Problem details: Return the listing below exactly as it stands. Pictures stay out.

Extracted records:
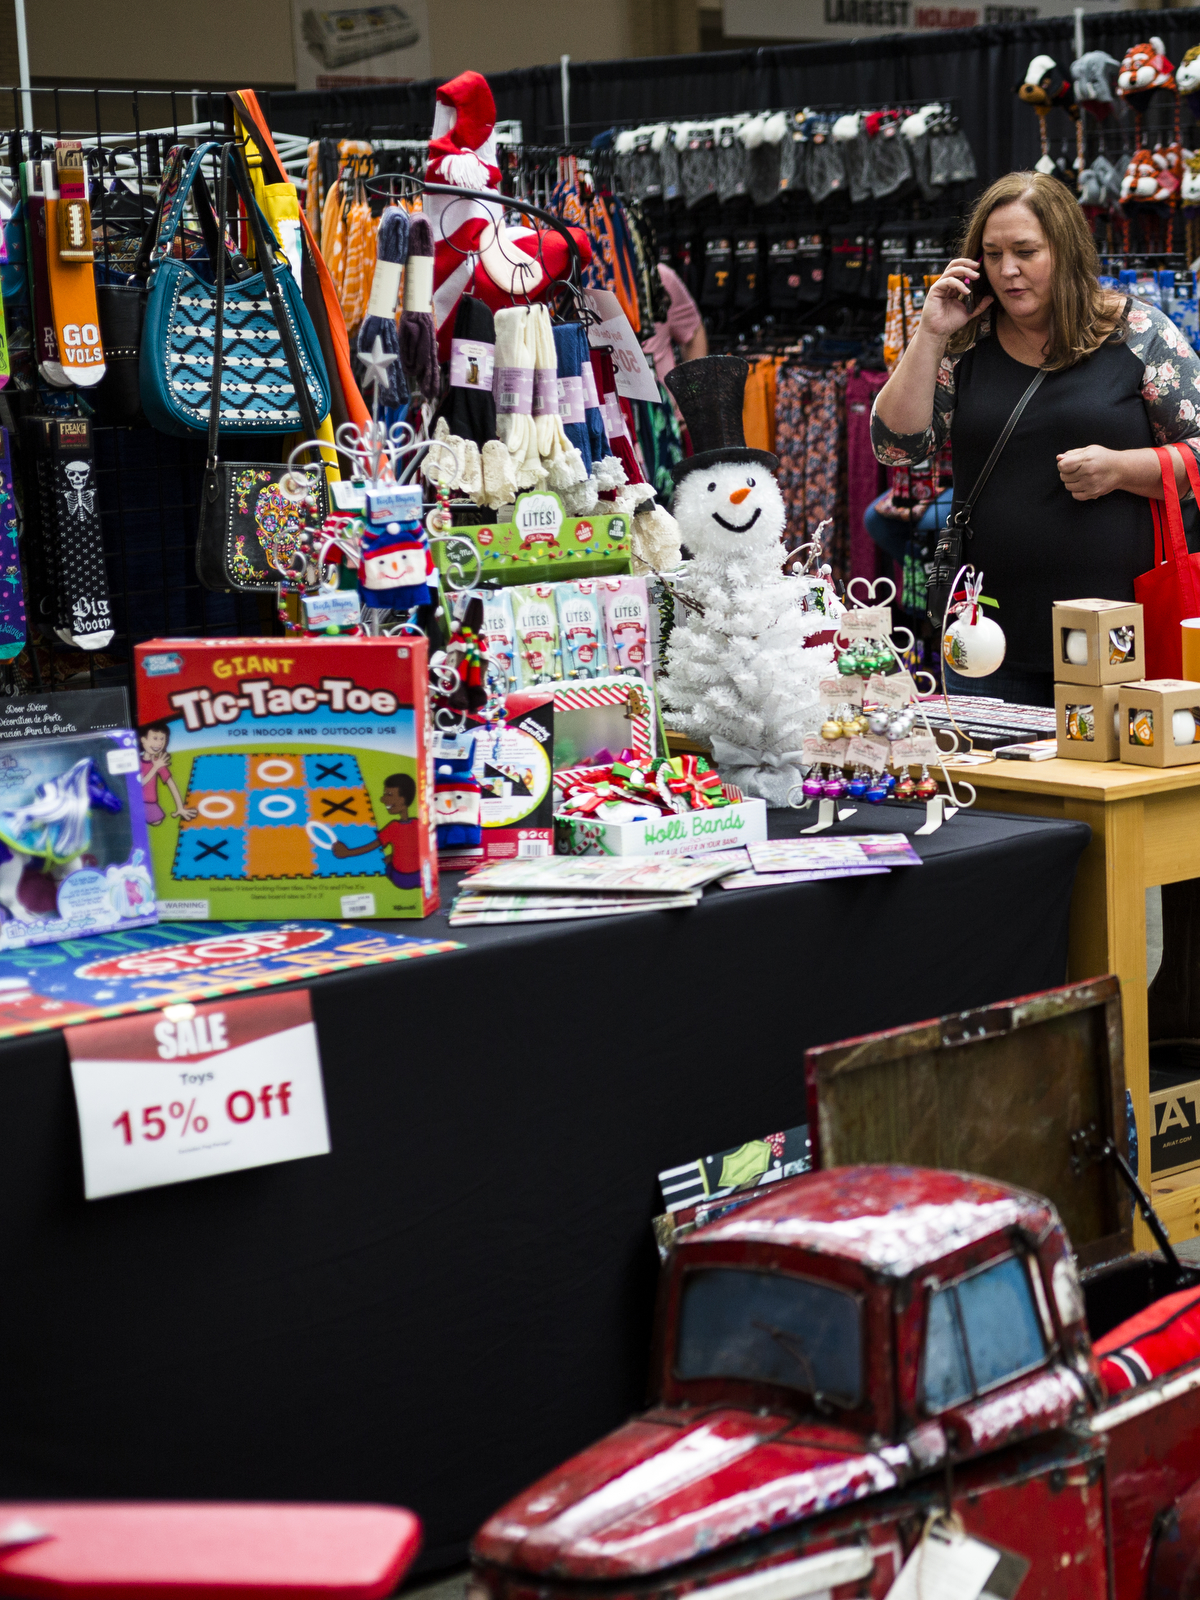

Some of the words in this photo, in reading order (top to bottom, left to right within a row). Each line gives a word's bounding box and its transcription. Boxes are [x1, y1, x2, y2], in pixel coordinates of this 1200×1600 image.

[63, 323, 99, 346] GO
[65, 347, 103, 364] VOLS
[522, 511, 556, 527] LITES!
[72, 597, 110, 617] Big
[614, 604, 642, 618] LITES!
[522, 612, 550, 627] LITES!
[566, 610, 592, 624] LITES!
[212, 656, 294, 679] GIANT
[5, 704, 25, 714] Door
[27, 702, 48, 713] Décor
[171, 679, 397, 730] Tic-Tac-Toe
[34, 714, 42, 723] de
[42, 712, 62, 723] Porte
[24, 726, 43, 737] Para
[43, 725, 51, 734] la
[52, 723, 77, 734] Puerta
[228, 729, 249, 738] FOR
[252, 728, 294, 737] INDOOR
[297, 728, 318, 736] AND
[321, 727, 373, 736] OUTDOOR
[376, 726, 397, 735] USE
[645, 820, 687, 845] Holli
[692, 810, 745, 836] Bands
[680, 845, 698, 854] CHEER
[706, 841, 721, 849] YOUR
[722, 837, 738, 845] BAND
[118, 935, 287, 972] STOP
[132, 937, 408, 993] HERE
[153, 1012, 229, 1060] SALE
[179, 1071, 214, 1085] Toys
[113, 1097, 209, 1146] 15%
[225, 1081, 292, 1124] Off
[1162, 1135, 1192, 1148] ARIAT.COM
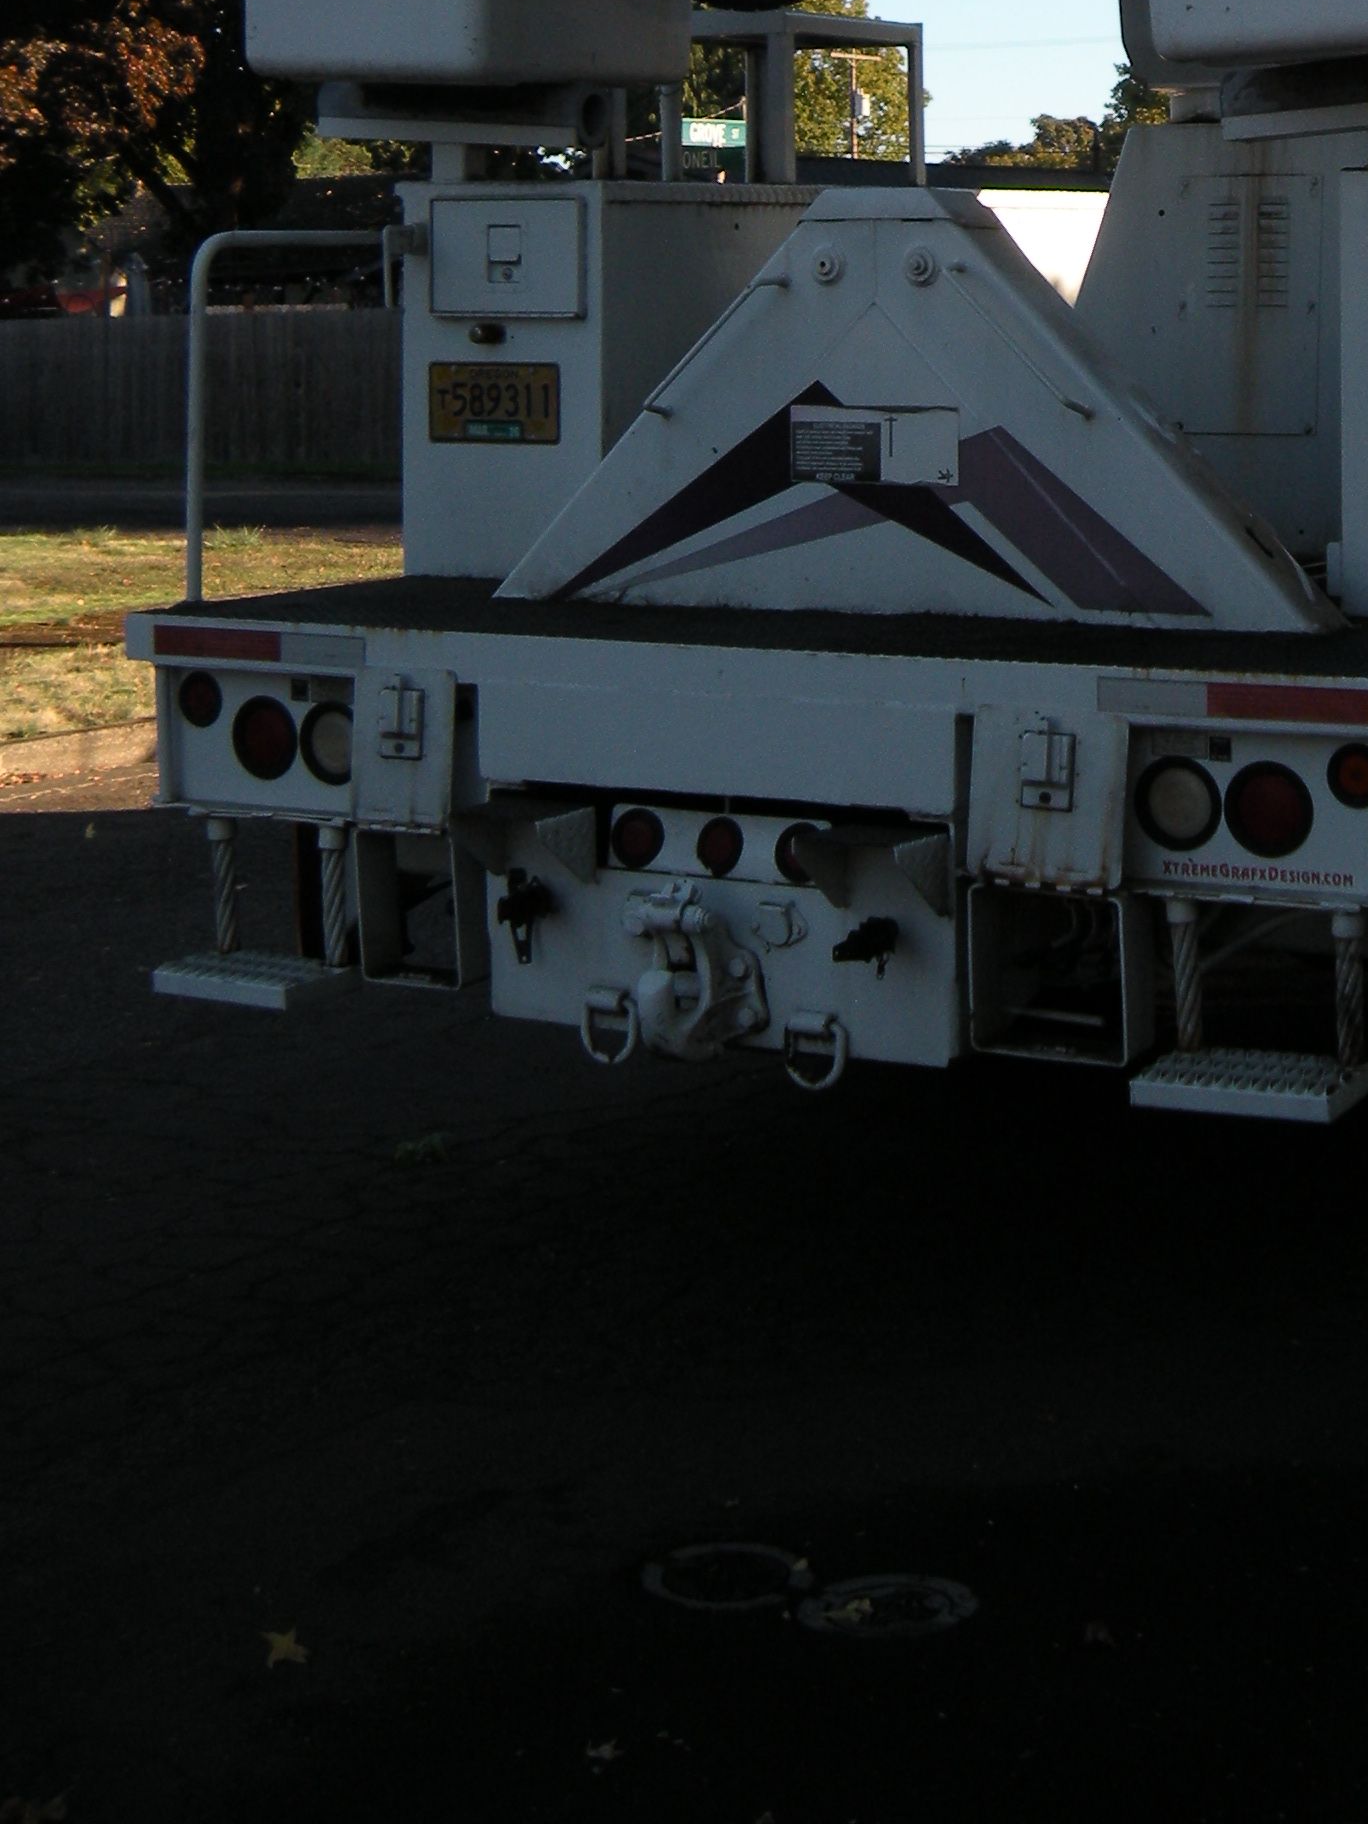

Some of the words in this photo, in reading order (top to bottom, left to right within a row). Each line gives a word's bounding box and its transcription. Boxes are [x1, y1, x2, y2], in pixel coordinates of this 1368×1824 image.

Answer box:
Some of the words in this photo, in reading order (top to bottom, left to right within a row). Each line gives a word's bounding box and its transcription. Boxes are [x1, y1, x2, y2], in pixel coordinates of this 1200×1600 image.

[63, 323, 99, 346] GO
[65, 347, 103, 364] VOLS
[522, 511, 556, 527] LITES!
[72, 597, 110, 617] Big
[614, 604, 642, 618] LITES!
[522, 612, 550, 627] LITES!
[566, 610, 592, 624] LITES!
[212, 656, 294, 679] GIANT
[5, 704, 25, 714] Door
[27, 702, 48, 713] Décor
[171, 679, 397, 730] Tic-Tac-Toe
[34, 714, 42, 723] de
[42, 712, 62, 723] Porte
[24, 726, 43, 737] Para
[43, 725, 51, 734] la
[52, 723, 77, 734] Puerta
[228, 729, 249, 738] FOR
[252, 728, 294, 737] INDOOR
[297, 728, 318, 736] AND
[321, 727, 373, 736] OUTDOOR
[376, 726, 397, 735] USE
[645, 820, 687, 845] Holli
[692, 810, 745, 836] Bands
[680, 845, 698, 854] CHEER
[706, 841, 721, 849] YOUR
[722, 837, 738, 845] BAND
[118, 935, 287, 972] STOP
[132, 937, 408, 993] HERE
[153, 1012, 229, 1060] SALE
[179, 1071, 214, 1085] Toys
[113, 1097, 209, 1146] 15%
[225, 1081, 292, 1124] Off
[1162, 1135, 1192, 1148] ARIAT.COM

Some of the words in this photo, in reading order (top to bottom, left to right within a row). Each line gives a word's bounding box and its transcription. Boxes are [x1, y1, x2, y2], in pixel coordinates of this 1368×1824 image.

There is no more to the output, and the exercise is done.